Lack of Proper Wound Care in Nursing Homes

July 8, 2024 / RP Legal

Nursing home patients are especially vulnerable to bed sores and other chronic wounds. Without proper care, they can experience unnecessary and painful complications. Every nursing home is required to take reasonable steps to protect the health and well-being of its residents and ensure proper wound care in nursing homes.

When they fail to do so, patients and their family members can take legal action against the facility.

That’s where the dedicated Columbia nursing home injury attorneys of Rikard & Protopapas come in. Contact our team to evaluate our lawyers wherever your case against a nursing home may be in South Carolina.

What Kinds of Wounds Do Elderly Patients in Nursing Facilities Suffer?

Nursing homes are responsible for providing adequate care to their residents. This means either taking steps to avoid the conditions that cause wounds or providing prompt medical treatment to care for them. For a number of reasons, various types of wounds are commonly found in the nursing home environment.

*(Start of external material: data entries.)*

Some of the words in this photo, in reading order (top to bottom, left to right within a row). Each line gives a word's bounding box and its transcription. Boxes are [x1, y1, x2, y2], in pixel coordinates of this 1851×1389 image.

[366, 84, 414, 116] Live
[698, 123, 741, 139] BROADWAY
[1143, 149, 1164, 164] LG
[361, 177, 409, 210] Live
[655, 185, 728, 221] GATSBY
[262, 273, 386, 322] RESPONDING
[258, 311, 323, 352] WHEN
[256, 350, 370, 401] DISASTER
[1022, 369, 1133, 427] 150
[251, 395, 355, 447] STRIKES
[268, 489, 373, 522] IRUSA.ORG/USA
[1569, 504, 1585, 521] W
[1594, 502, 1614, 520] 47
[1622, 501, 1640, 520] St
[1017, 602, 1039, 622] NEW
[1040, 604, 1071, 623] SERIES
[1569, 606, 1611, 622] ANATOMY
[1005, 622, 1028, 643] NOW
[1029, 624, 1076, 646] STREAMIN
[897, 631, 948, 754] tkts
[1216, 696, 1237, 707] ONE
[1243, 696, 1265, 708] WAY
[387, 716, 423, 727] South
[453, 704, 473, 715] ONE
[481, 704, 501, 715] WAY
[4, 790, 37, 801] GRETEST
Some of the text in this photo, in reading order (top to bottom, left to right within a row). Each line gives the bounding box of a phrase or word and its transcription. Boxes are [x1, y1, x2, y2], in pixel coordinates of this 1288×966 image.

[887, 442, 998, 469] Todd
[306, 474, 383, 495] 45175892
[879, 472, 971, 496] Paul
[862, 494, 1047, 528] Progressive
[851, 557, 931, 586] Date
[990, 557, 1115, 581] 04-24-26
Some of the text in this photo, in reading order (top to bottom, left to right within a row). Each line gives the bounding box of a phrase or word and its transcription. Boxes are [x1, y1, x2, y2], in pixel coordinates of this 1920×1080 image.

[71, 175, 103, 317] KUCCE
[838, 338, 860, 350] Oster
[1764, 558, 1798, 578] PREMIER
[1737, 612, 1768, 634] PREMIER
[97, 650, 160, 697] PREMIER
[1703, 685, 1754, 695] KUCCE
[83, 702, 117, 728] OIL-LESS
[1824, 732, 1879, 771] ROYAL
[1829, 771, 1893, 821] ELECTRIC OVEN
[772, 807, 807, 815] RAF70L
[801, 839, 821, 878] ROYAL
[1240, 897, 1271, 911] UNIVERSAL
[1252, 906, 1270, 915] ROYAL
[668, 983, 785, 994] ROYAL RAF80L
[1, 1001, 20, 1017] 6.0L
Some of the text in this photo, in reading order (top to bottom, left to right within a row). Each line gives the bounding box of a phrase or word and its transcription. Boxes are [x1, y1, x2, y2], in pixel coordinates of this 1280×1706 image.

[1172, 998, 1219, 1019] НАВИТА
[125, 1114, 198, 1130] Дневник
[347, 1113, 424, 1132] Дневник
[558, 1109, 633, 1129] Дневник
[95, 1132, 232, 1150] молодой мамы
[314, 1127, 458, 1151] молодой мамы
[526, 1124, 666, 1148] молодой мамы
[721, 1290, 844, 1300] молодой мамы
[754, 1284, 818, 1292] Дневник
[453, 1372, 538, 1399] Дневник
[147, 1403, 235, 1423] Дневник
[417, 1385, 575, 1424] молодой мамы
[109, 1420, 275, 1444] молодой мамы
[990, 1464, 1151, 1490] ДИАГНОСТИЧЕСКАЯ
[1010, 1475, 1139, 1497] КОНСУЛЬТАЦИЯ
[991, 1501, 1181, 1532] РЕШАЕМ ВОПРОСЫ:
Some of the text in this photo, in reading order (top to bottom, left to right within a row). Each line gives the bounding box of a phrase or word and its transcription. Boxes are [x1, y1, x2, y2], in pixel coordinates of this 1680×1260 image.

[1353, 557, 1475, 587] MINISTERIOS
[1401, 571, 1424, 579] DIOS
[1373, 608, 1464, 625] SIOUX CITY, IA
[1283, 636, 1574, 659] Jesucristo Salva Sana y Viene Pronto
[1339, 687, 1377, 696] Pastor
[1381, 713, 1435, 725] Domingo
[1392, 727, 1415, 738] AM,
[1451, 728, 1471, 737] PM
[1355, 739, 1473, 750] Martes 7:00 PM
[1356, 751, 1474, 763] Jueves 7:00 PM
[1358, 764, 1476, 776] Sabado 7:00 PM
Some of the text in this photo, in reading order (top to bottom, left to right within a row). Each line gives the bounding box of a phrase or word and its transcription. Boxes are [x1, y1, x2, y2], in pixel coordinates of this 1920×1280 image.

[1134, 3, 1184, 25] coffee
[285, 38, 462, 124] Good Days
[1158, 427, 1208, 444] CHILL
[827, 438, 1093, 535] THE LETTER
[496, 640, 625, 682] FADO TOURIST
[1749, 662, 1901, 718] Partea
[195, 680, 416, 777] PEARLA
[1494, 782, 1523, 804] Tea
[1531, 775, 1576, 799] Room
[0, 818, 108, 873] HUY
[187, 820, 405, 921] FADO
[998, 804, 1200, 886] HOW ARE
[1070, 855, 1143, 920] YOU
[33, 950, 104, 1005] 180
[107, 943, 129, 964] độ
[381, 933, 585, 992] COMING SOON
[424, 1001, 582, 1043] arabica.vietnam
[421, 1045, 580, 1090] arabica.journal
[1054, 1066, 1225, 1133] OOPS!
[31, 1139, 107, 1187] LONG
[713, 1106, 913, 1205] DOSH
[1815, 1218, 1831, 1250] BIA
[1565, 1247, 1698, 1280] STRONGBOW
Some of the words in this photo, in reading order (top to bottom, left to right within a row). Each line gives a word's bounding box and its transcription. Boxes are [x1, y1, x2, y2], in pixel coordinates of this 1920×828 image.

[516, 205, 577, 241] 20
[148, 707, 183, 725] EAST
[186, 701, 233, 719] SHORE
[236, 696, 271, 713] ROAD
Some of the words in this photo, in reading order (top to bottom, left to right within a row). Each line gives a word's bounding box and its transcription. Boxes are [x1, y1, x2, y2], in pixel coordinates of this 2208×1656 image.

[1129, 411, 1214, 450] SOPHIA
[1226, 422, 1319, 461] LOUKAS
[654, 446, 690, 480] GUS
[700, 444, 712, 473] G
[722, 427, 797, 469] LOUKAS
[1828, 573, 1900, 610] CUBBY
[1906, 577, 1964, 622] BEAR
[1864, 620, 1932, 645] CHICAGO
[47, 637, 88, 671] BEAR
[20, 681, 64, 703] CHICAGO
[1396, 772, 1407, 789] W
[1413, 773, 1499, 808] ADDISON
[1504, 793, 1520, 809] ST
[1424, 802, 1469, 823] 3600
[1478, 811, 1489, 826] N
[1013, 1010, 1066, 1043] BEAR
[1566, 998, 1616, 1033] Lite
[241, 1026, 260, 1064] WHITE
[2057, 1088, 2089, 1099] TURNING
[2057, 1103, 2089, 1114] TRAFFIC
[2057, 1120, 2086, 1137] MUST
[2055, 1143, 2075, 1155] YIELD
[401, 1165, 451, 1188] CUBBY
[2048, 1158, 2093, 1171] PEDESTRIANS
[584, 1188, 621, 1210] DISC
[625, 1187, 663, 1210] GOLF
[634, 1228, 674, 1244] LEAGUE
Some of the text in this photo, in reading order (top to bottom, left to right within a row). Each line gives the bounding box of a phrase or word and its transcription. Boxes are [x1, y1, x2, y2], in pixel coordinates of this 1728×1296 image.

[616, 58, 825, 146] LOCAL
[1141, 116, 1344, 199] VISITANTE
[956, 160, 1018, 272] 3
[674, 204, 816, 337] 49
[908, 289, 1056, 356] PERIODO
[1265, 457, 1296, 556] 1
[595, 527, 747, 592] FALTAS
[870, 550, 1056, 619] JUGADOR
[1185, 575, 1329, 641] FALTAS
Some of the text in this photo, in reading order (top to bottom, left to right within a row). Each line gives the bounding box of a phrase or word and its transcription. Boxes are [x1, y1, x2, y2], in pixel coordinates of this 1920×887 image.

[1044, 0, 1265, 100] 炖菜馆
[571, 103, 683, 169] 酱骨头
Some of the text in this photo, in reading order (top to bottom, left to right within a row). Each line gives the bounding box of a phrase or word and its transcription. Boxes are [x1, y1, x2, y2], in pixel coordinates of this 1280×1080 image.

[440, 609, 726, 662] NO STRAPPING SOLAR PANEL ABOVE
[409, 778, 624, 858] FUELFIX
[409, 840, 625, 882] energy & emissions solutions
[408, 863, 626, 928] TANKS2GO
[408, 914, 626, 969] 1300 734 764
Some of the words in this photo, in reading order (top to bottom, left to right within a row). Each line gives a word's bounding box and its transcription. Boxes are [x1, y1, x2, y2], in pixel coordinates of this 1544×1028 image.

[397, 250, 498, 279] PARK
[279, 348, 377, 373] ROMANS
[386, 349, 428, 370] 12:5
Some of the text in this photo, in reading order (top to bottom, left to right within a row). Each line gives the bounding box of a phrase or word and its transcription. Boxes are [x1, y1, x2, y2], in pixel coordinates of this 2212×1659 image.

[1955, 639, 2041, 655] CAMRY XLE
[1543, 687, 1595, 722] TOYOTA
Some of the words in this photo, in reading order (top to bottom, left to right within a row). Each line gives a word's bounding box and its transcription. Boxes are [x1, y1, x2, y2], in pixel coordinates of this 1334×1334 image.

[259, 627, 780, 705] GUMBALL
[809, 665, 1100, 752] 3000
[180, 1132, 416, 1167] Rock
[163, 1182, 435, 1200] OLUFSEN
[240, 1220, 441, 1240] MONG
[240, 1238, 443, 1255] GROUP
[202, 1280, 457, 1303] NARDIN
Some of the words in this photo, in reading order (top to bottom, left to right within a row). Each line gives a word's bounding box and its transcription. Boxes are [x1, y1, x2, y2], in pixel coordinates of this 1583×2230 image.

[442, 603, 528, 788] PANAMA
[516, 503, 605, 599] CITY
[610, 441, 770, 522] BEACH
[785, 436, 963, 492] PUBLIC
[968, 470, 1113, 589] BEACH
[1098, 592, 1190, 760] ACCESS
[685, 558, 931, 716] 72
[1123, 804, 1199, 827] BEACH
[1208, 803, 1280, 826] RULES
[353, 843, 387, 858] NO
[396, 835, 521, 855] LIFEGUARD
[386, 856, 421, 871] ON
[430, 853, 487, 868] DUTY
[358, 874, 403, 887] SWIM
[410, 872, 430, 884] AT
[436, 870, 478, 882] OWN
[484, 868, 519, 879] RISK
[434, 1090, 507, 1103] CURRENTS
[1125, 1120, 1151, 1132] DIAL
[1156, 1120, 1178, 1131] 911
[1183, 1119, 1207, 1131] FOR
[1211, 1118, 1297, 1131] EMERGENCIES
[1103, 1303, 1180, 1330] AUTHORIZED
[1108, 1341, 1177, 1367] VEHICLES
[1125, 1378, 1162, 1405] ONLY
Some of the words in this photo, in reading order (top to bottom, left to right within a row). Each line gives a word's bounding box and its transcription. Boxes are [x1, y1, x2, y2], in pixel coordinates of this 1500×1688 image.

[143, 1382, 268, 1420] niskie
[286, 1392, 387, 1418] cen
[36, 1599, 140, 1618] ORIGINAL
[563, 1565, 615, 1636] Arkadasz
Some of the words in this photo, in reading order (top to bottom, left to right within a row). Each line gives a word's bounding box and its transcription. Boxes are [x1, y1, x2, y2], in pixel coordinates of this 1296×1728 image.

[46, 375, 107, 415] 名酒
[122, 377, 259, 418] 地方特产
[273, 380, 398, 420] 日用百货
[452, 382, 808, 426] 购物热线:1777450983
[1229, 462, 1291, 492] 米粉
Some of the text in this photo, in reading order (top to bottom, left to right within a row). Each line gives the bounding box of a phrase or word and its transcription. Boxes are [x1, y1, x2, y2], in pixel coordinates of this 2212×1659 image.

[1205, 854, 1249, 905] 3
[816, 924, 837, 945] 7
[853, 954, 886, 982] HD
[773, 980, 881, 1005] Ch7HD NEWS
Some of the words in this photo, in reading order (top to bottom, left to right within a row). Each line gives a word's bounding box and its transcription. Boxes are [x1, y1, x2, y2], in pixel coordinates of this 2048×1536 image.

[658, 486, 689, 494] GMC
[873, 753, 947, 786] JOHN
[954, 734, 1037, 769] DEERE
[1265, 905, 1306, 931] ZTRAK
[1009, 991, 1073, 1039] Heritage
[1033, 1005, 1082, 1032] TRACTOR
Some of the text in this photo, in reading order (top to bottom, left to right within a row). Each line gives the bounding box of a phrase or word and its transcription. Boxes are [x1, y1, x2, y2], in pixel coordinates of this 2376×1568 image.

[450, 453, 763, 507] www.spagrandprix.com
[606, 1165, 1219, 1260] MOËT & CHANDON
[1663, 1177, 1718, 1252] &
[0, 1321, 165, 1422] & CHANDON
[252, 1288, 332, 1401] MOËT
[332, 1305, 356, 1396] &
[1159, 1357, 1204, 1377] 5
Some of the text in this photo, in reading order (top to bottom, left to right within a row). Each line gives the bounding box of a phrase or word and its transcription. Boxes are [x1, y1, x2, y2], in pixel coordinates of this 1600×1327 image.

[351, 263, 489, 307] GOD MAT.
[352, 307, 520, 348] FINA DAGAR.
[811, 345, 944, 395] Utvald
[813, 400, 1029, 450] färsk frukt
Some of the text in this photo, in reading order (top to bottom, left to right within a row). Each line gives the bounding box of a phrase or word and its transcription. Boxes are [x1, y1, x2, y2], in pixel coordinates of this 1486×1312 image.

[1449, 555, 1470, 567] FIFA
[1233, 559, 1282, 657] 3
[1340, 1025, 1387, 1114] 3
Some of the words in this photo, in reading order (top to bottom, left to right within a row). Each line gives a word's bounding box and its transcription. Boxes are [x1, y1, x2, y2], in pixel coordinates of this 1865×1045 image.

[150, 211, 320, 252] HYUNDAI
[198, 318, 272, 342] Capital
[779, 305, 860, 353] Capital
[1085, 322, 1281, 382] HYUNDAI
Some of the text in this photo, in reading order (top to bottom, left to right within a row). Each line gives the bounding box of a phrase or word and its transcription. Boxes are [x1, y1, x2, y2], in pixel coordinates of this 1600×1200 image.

Elderly patients are known to frequently suffer:

  • Diabetic foot ulcers: Diabetic patients tend to experience changes in their foot bones due to their condition. A sore or lesion may develop, which is typically located on the bottom of the foot. In some cases, amputation of a toe may be required.
  • Surgical wounds: Many nursing home patients must have surgical operations, after which post-operative care is essential to ensure proper hearing. If this care is neglected, the patient may develop infection and blood clots.
  • Bed sores: Also called pressure ulcers, these wounds develop due to a patient being bedridden and rarely changing positions. These injuries can not only break down the skin but also disrupt the flow of blood and oxygen, causing cells to die.
  • Amputation wounds: If a patient needs an amputation for whatever reason, this serious procedure requires wound care to avoid complications. Without proper healing, the wound can become gangrenous.
  • Gashes and scrapes from falling accidents: Nursing home patients routinely fall and injure themselves, causing deep gashes and bleeding scrapes. The facility should immediately clean and dress these wounds to avoid infection and other problems.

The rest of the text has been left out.